Hand blended in small batches by MAHALO Skin Care in Hawaii, USA
*clean ingredients: organic + local and/or wild harvested (when available)
^non-organic because of the absolute solvent extradition process, while the raw ingredient has been obtained in certified organic form
Ingredient list is subject to change without notice due to availability of raw materials.

Stored in a glass jar wrapped in a renewable bamboo to preserve the vitality of the ingredients and provide an eco-luxurious skin care experience.


Jednym słowem - produkt CUD , a jak jest naprawdę?

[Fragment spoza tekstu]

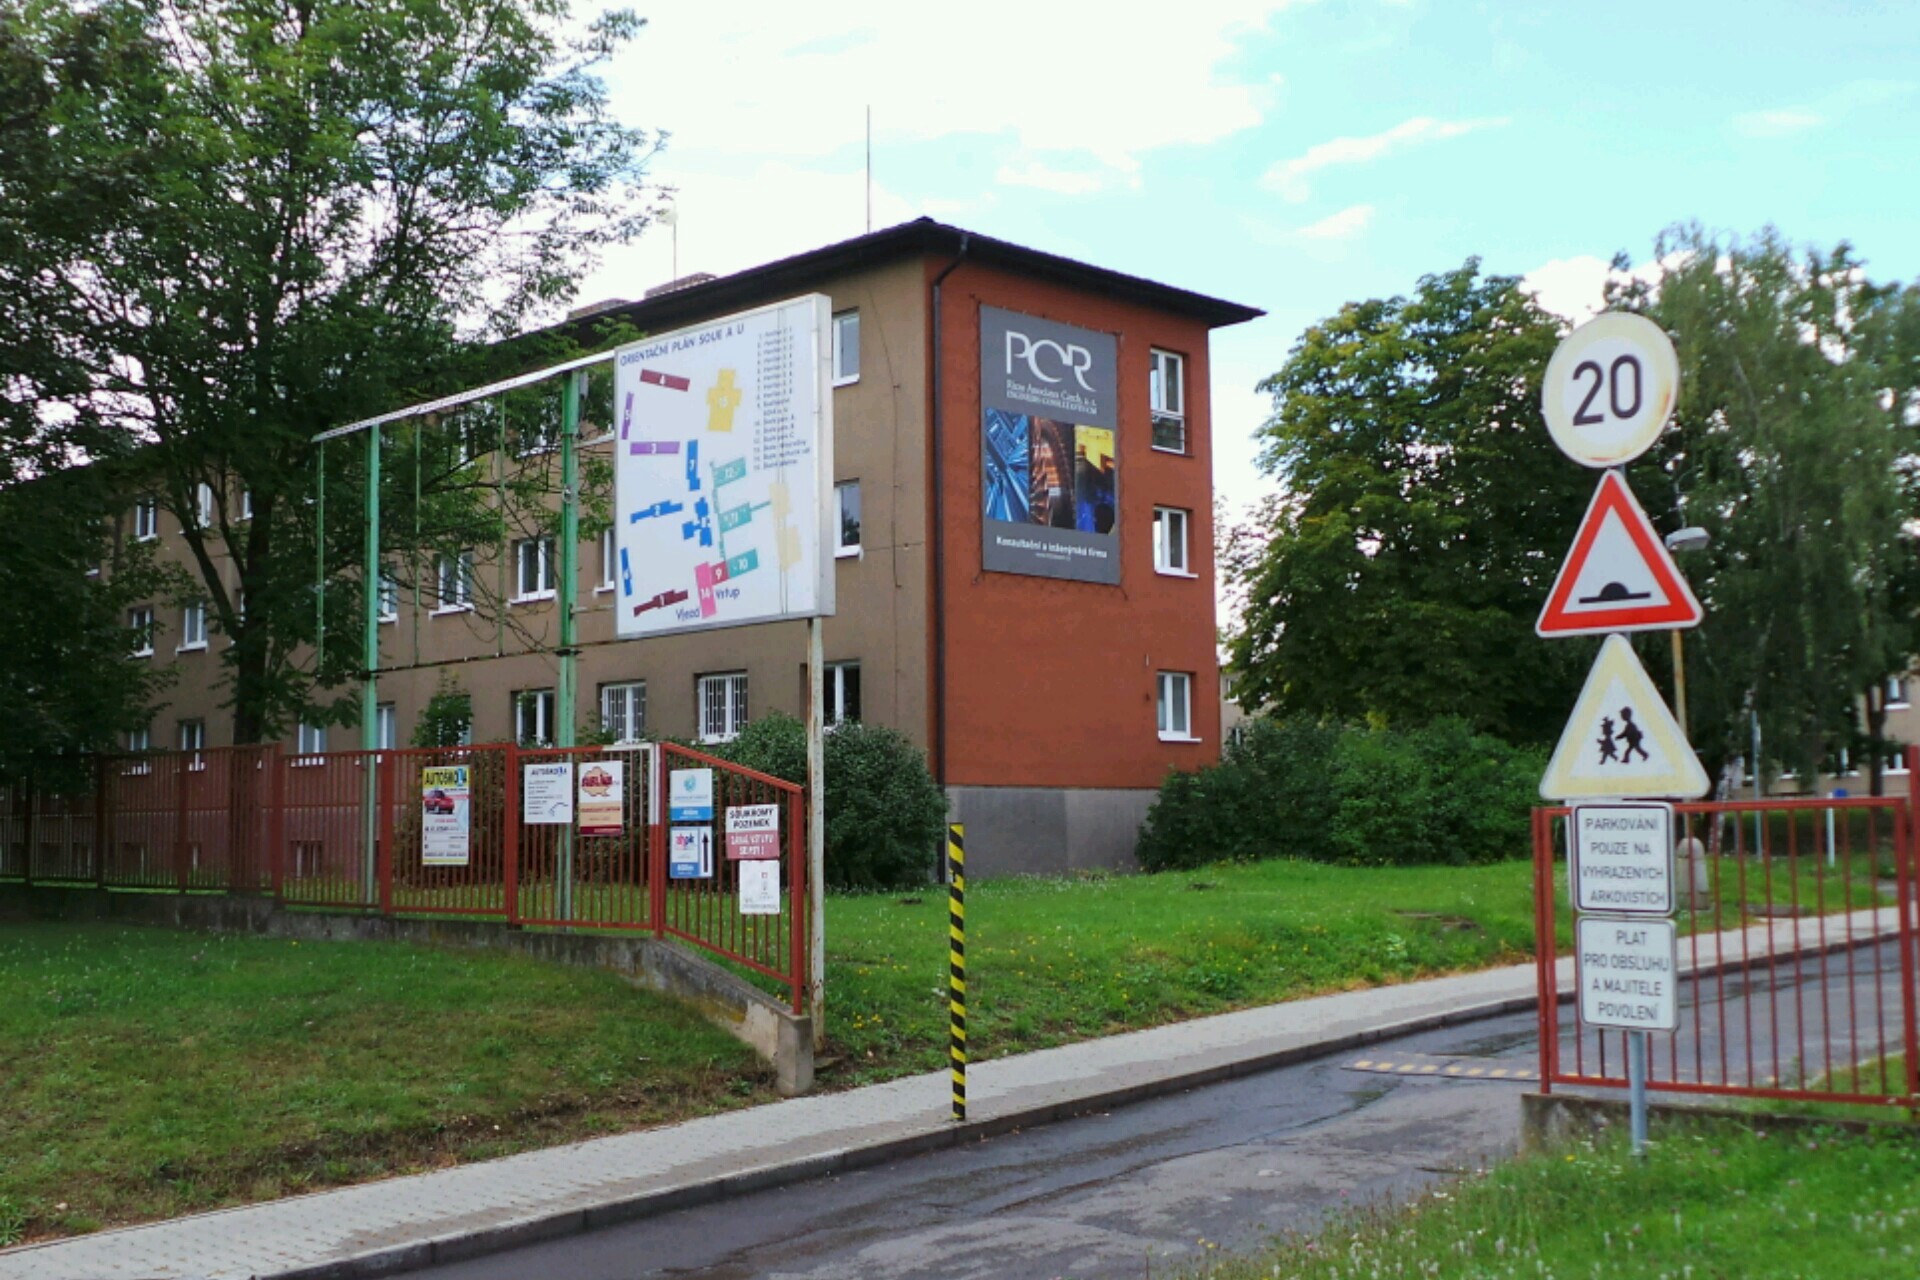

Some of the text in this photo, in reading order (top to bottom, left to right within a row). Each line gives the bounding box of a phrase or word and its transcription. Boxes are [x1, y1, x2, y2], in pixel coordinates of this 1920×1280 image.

Gustowny szklany słoiczek o pojemności 100 ml w bambusowym ubranku kosztuje około 80 funtów (cena jest uzależniona od miejsca w którym kupujemy, można dokonać zakupów na stronie firmowej, w UK oficjalnym dystrybutorem jest sklep Alyaka - jednak póki co nie wróciłam do niego od czasu ostatnich feralnych zakupów i wybieram zdecydowanie sklep internetowy z Holandii Reina Organics - tutaj od razu muszę pochwalić firmę za świetną całokształt na który składa się: obsługa, kontakt, opakowanie, próbki do zakupów. Jedynym minusem jest przesyłka, a raczej czas dostarczenia/ z Holandii do UK paczka potrafi iść do 14 dni roboczych. Oni wysyłają to DHL-em, który ma dziwny system śledzenia a sklep nie ma możliwości wstawienia/podania obu linków. W rezultacie w UK przesyłkę potem przejmuje Parcel Force. Piszę o tym dlatego, bo jeżeli komuś zależy na czasie, to warto uwzględnić czas dostarczenia. Poza tym nie mam zastrzeżeń i życzyłabym sobie oraz każdemu z osobna, by wszystkie zakupy via net odbywały się z taką dbałością o klienta.)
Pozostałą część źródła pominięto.